BEGIN THE DATA

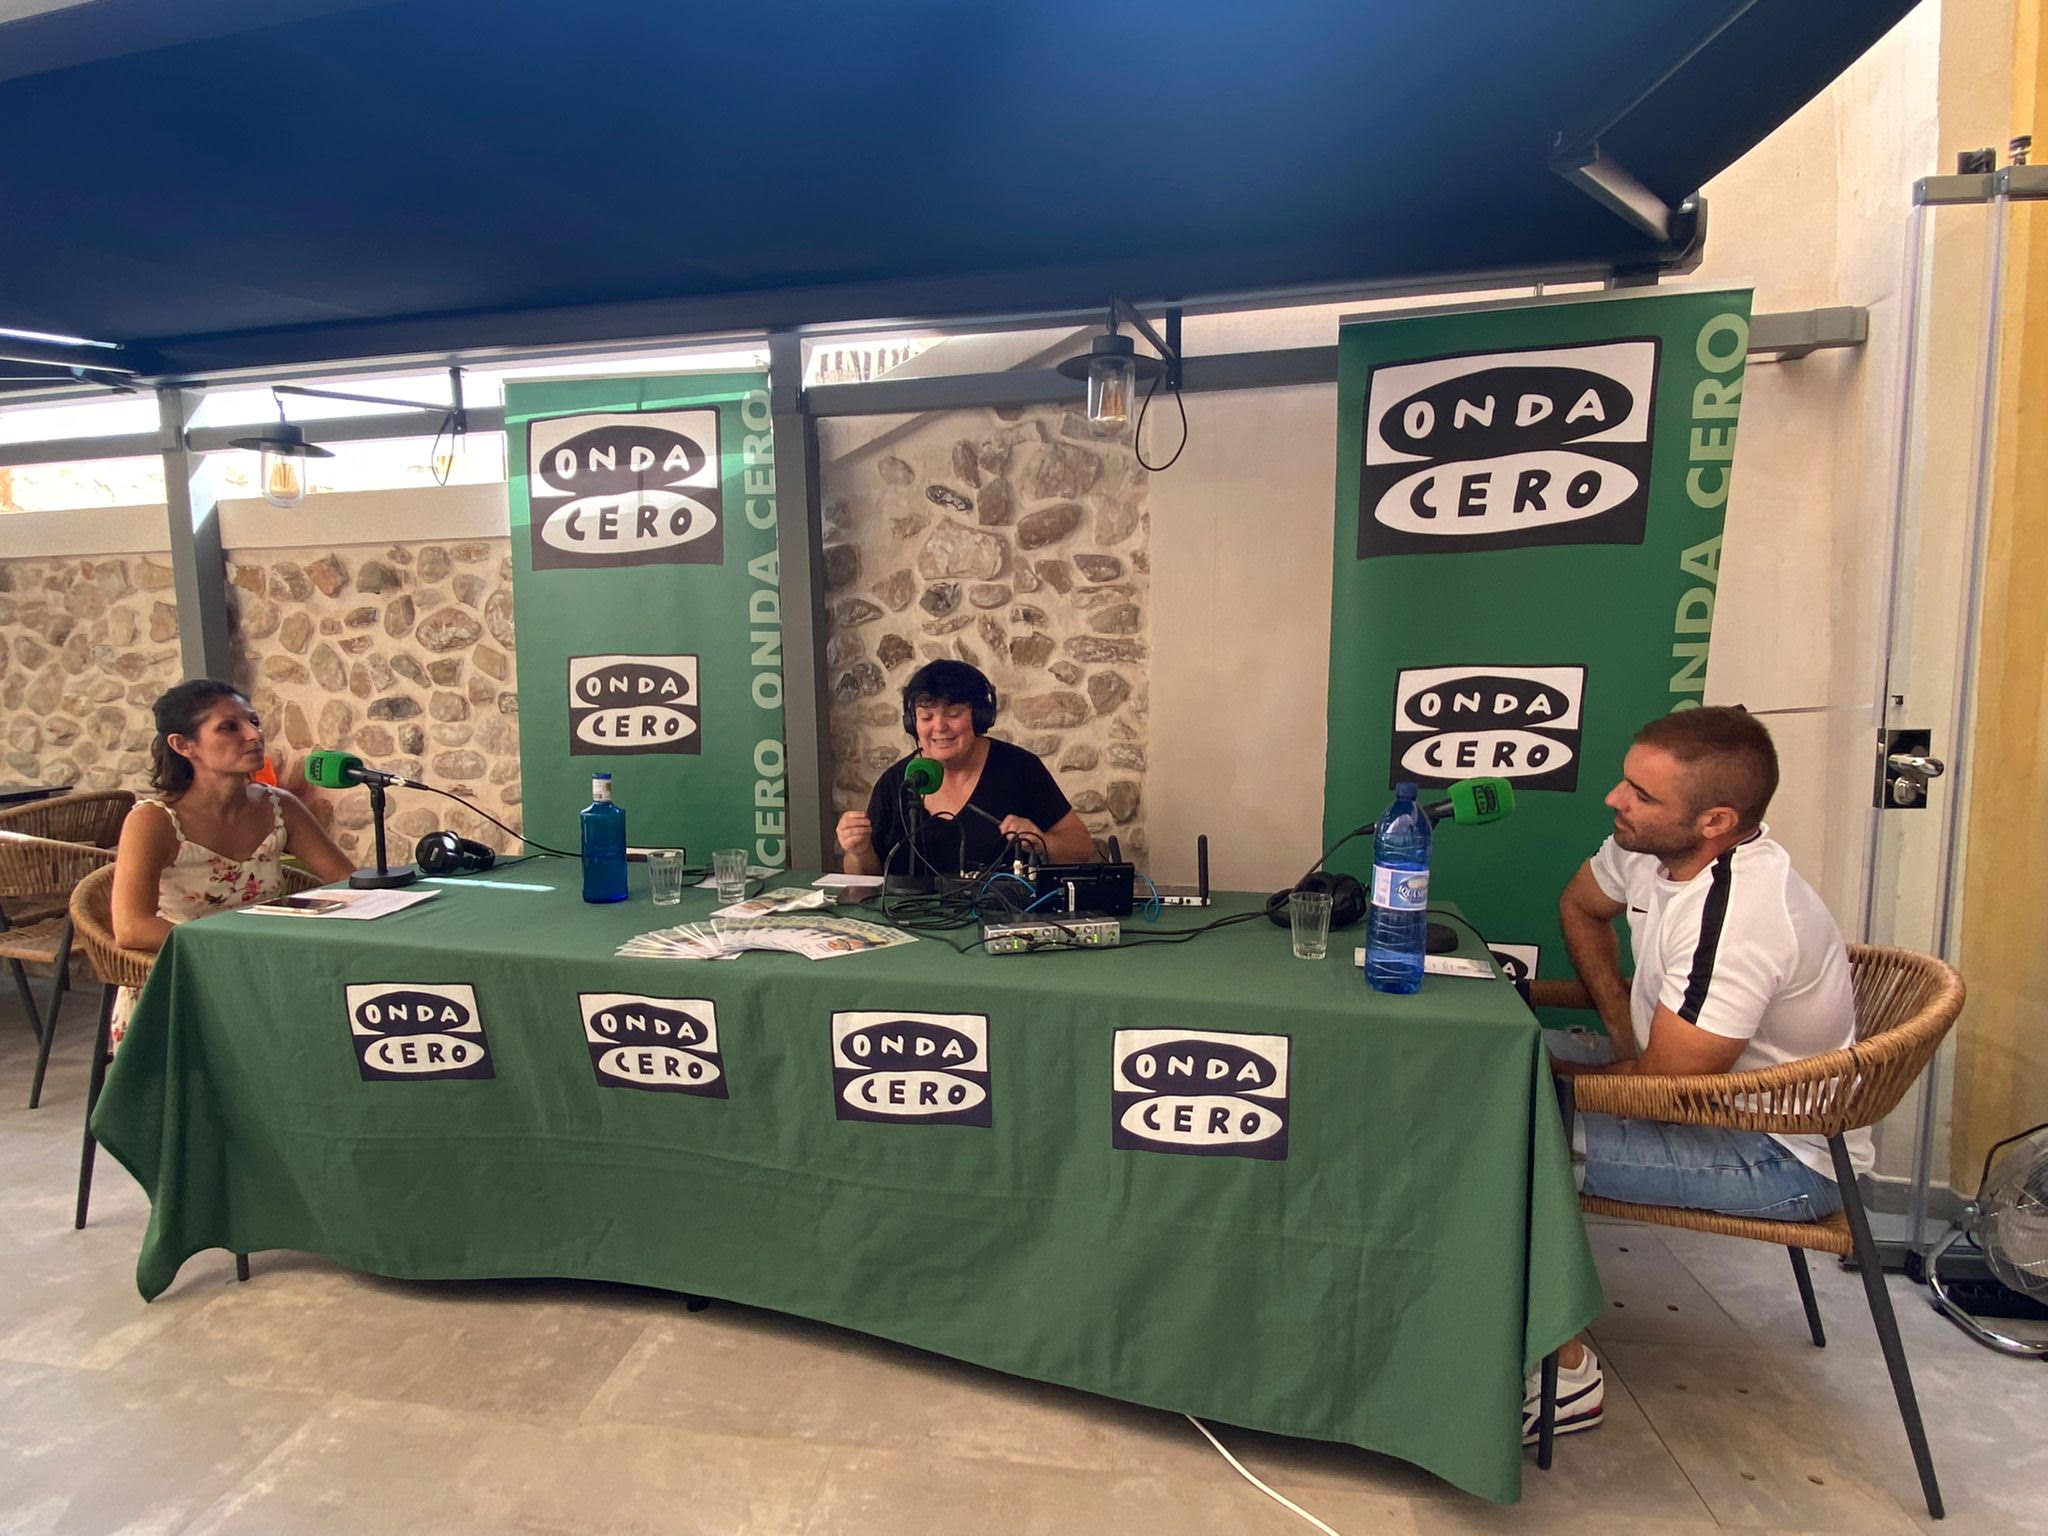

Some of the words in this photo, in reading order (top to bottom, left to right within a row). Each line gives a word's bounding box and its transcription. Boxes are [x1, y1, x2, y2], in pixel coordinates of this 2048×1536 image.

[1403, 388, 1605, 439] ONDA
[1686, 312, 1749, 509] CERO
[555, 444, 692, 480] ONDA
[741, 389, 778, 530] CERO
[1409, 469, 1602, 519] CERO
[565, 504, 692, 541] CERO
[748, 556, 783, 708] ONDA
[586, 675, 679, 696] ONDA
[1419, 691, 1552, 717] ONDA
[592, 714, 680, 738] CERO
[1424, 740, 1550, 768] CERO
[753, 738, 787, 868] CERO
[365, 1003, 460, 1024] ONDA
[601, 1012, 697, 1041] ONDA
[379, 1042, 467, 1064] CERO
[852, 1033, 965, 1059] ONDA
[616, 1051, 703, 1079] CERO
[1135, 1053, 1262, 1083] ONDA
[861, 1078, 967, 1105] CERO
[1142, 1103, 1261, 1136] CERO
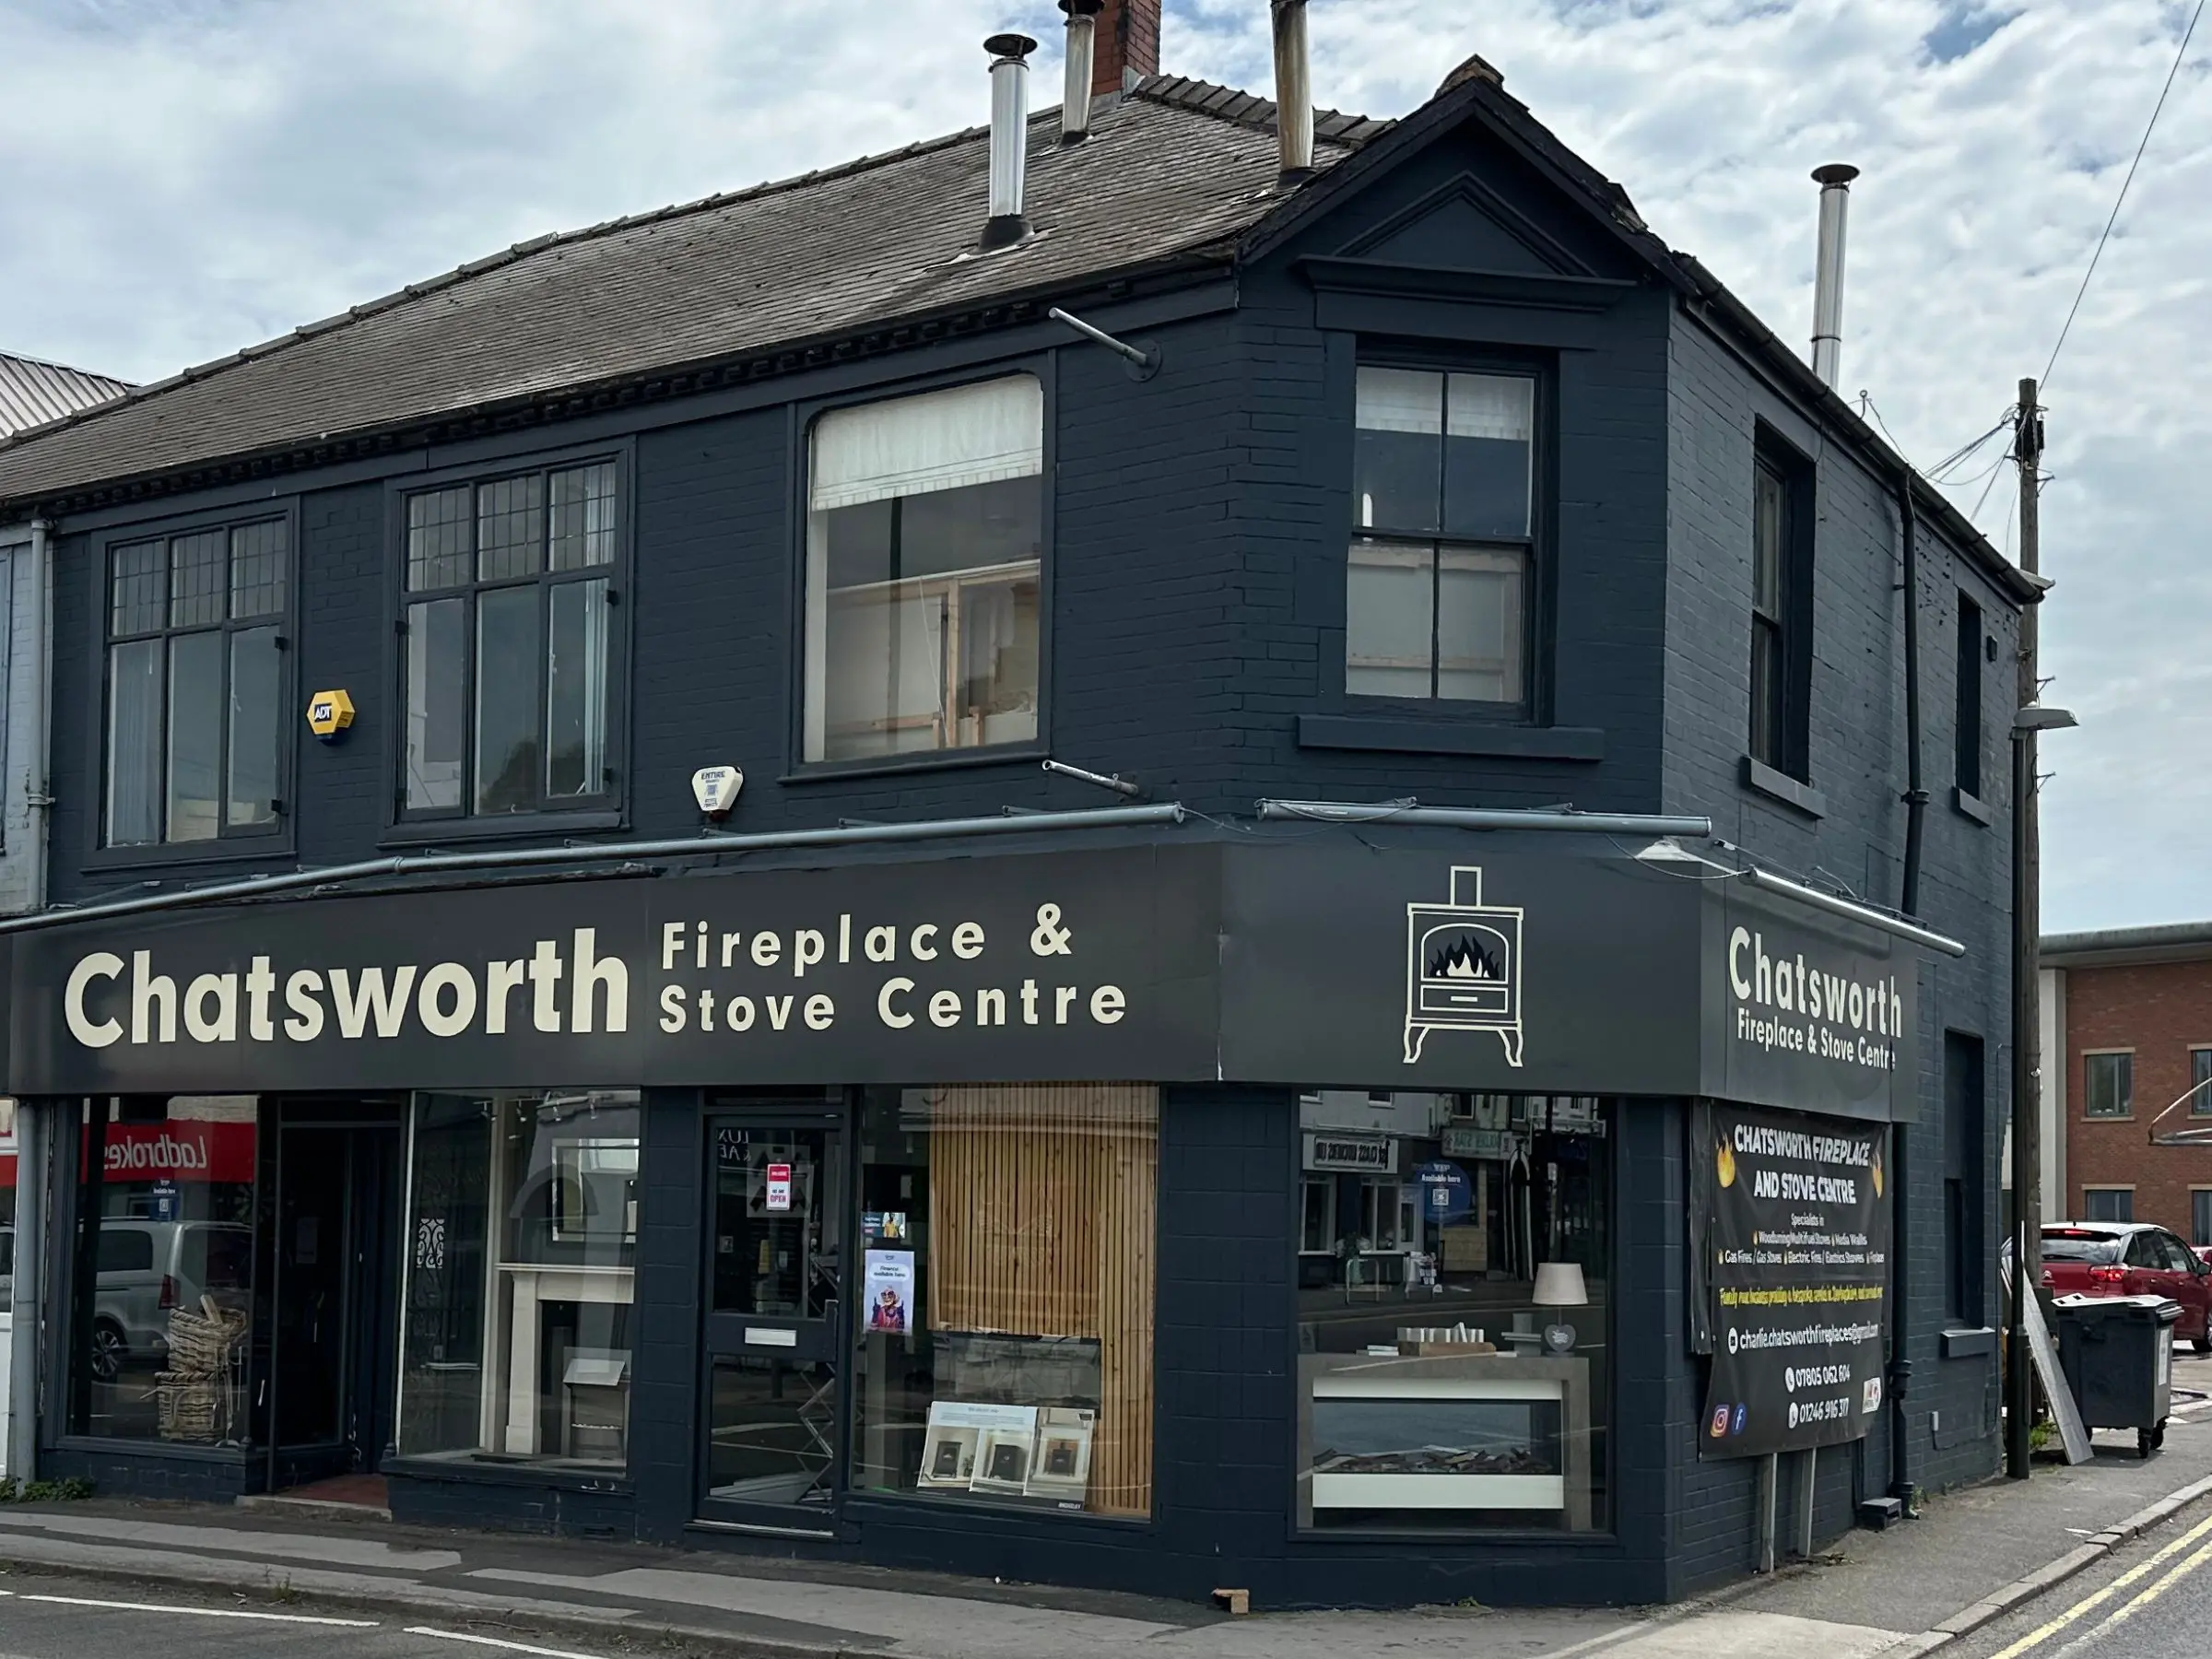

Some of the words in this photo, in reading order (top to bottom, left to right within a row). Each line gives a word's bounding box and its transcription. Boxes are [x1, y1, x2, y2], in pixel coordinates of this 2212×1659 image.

END THE DATA

### AIM OF THE TASK
Leave every picture out. Retype the remaining data exactly.

### YOUR RESPONSE
Some of the words in this photo, in reading order (top to bottom, left to right within a row). Each line gives a word's bounding box and its transcription. Boxes are [x1, y1, x2, y2], in pixel coordinates of this 2048×1536 image.

[1403, 388, 1605, 439] ONDA
[1686, 312, 1749, 509] CERO
[555, 444, 692, 480] ONDA
[741, 389, 778, 530] CERO
[1409, 469, 1602, 519] CERO
[565, 504, 692, 541] CERO
[748, 556, 783, 708] ONDA
[586, 675, 679, 696] ONDA
[1419, 691, 1552, 717] ONDA
[592, 714, 680, 738] CERO
[1424, 740, 1550, 768] CERO
[753, 738, 787, 868] CERO
[365, 1003, 460, 1024] ONDA
[601, 1012, 697, 1041] ONDA
[379, 1042, 467, 1064] CERO
[852, 1033, 965, 1059] ONDA
[616, 1051, 703, 1079] CERO
[1135, 1053, 1262, 1083] ONDA
[861, 1078, 967, 1105] CERO
[1142, 1103, 1261, 1136] CERO

Some of the words in this photo, in reading order (top to bottom, left to right within a row). Each line gives a word's bounding box and its transcription. Boxes are [x1, y1, x2, y2], in pixel coordinates of this 2212×1659 image.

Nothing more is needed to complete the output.